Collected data
------------------------

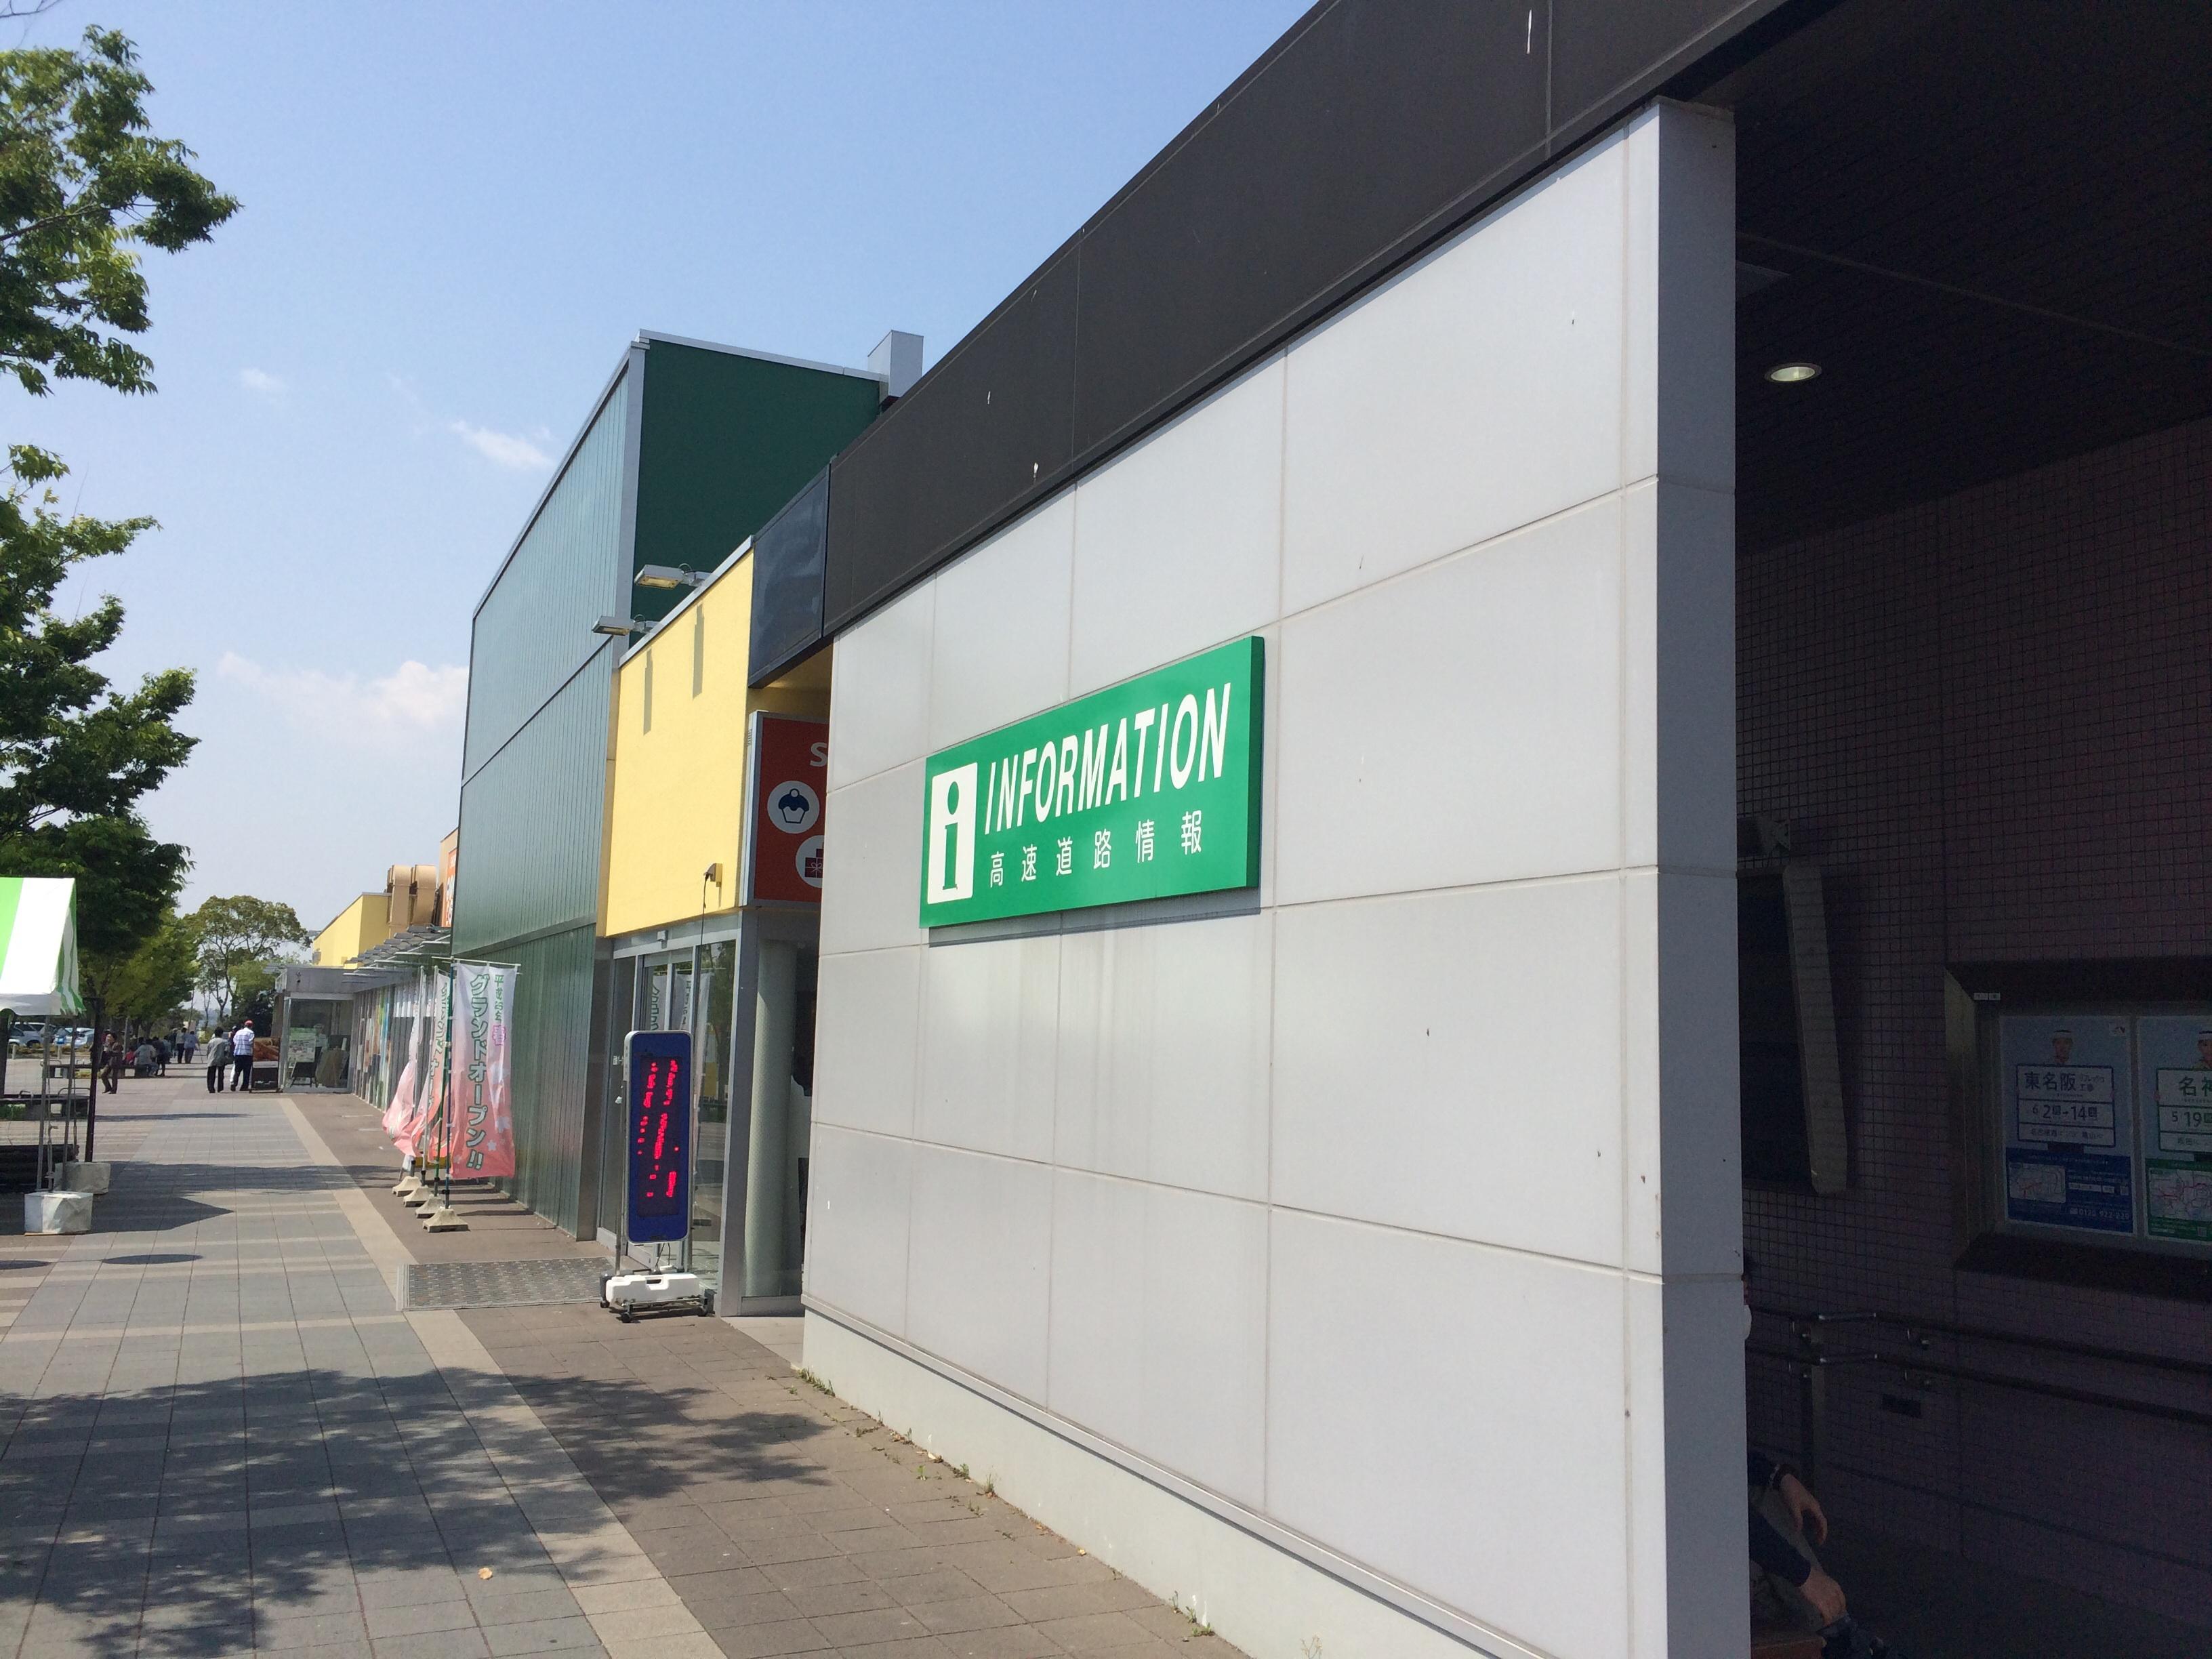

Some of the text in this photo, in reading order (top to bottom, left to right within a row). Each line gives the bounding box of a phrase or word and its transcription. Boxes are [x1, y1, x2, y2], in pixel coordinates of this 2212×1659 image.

[985, 682, 1231, 834] INFORMATION
[989, 810, 1202, 888] 高速道路情報
[2024, 1071, 2076, 1091] 東名阪
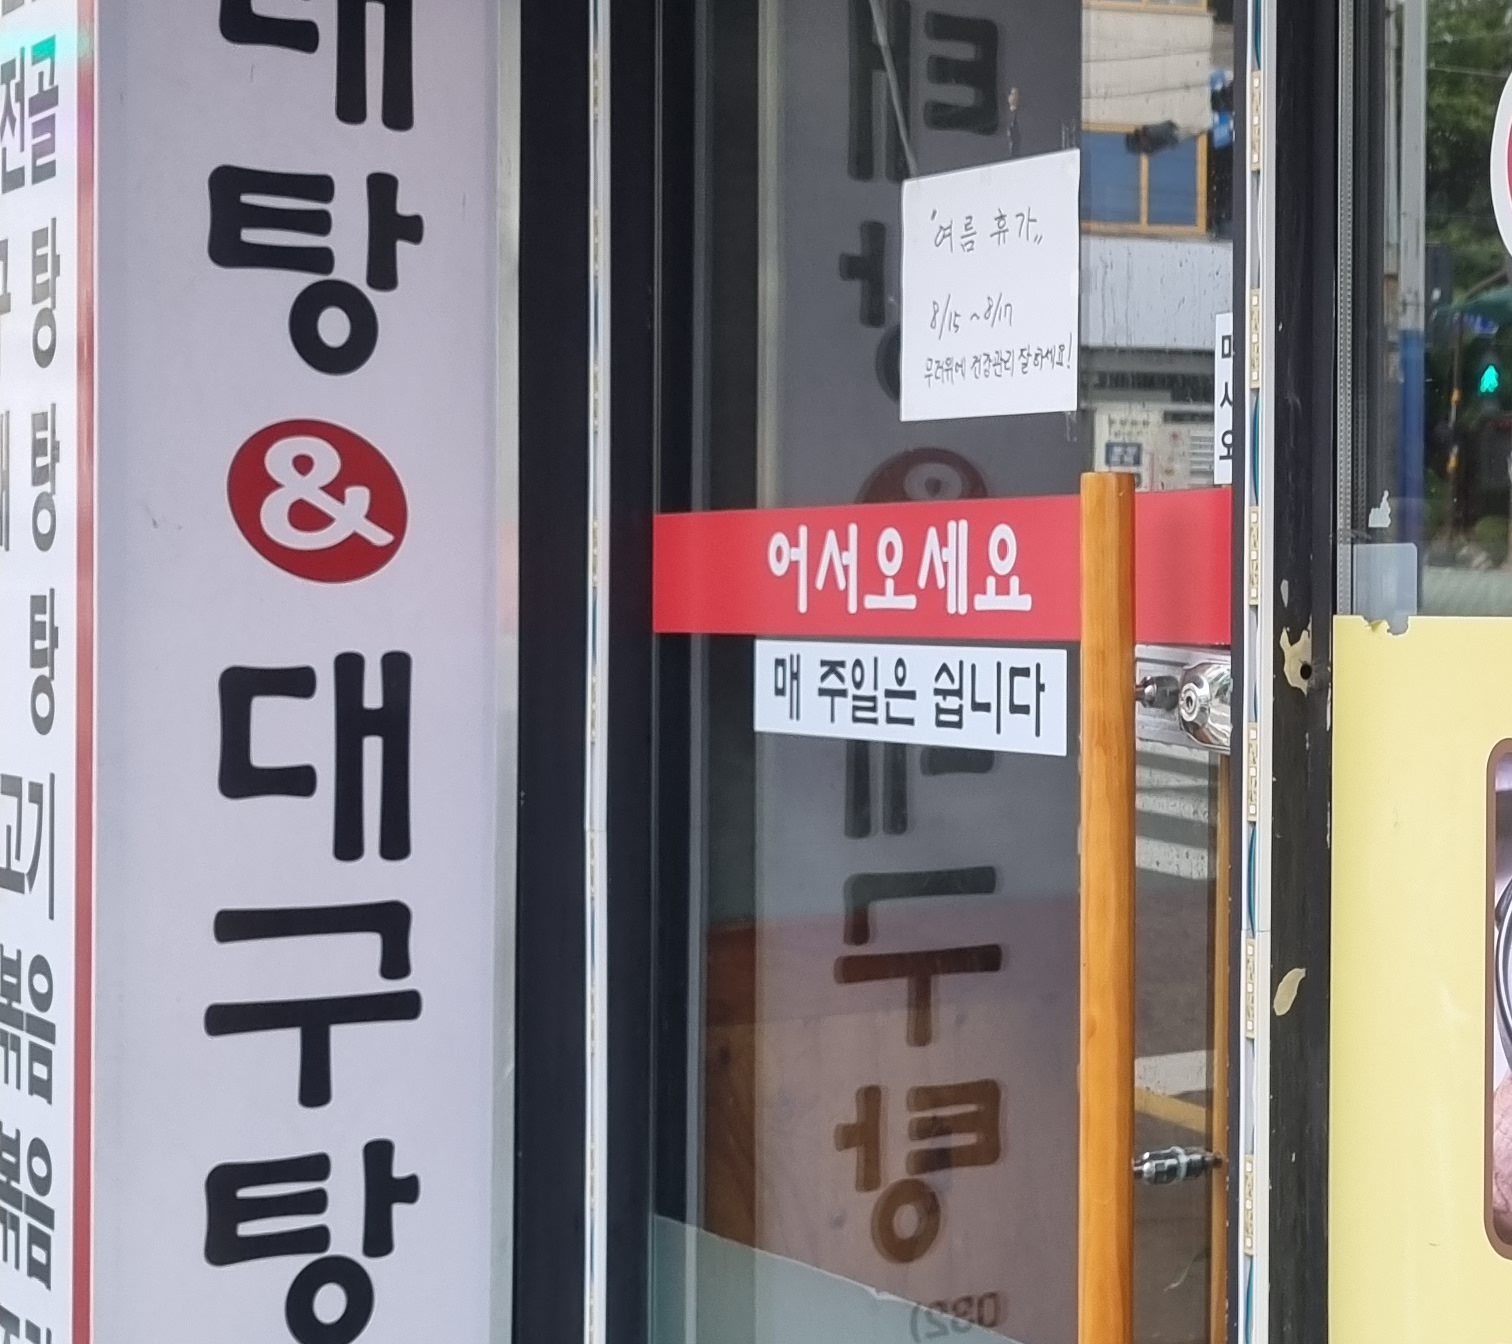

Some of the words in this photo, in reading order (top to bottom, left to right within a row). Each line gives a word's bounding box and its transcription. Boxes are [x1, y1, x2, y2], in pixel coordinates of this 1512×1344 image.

------------------------

▶ Task to carry out:
Give the records again exactly, minus the pictures.

▶ Answer area:
Some of the text in this photo, in reading order (top to bottom, left to right within a row). Each line gives the bounding box of a phrase or word and its transcription. Boxes are [x1, y1, x2, y2], in pixel coordinates of this 2212×1659 image.

[985, 682, 1231, 834] INFORMATION
[989, 810, 1202, 888] 高速道路情報
[2024, 1071, 2076, 1091] 東名阪

Some of the words in this photo, in reading order (top to bottom, left to right within a row). Each line gives a word's bounding box and its transcription. Boxes are [x1, y1, x2, y2], in pixel coordinates of this 1512×1344 image.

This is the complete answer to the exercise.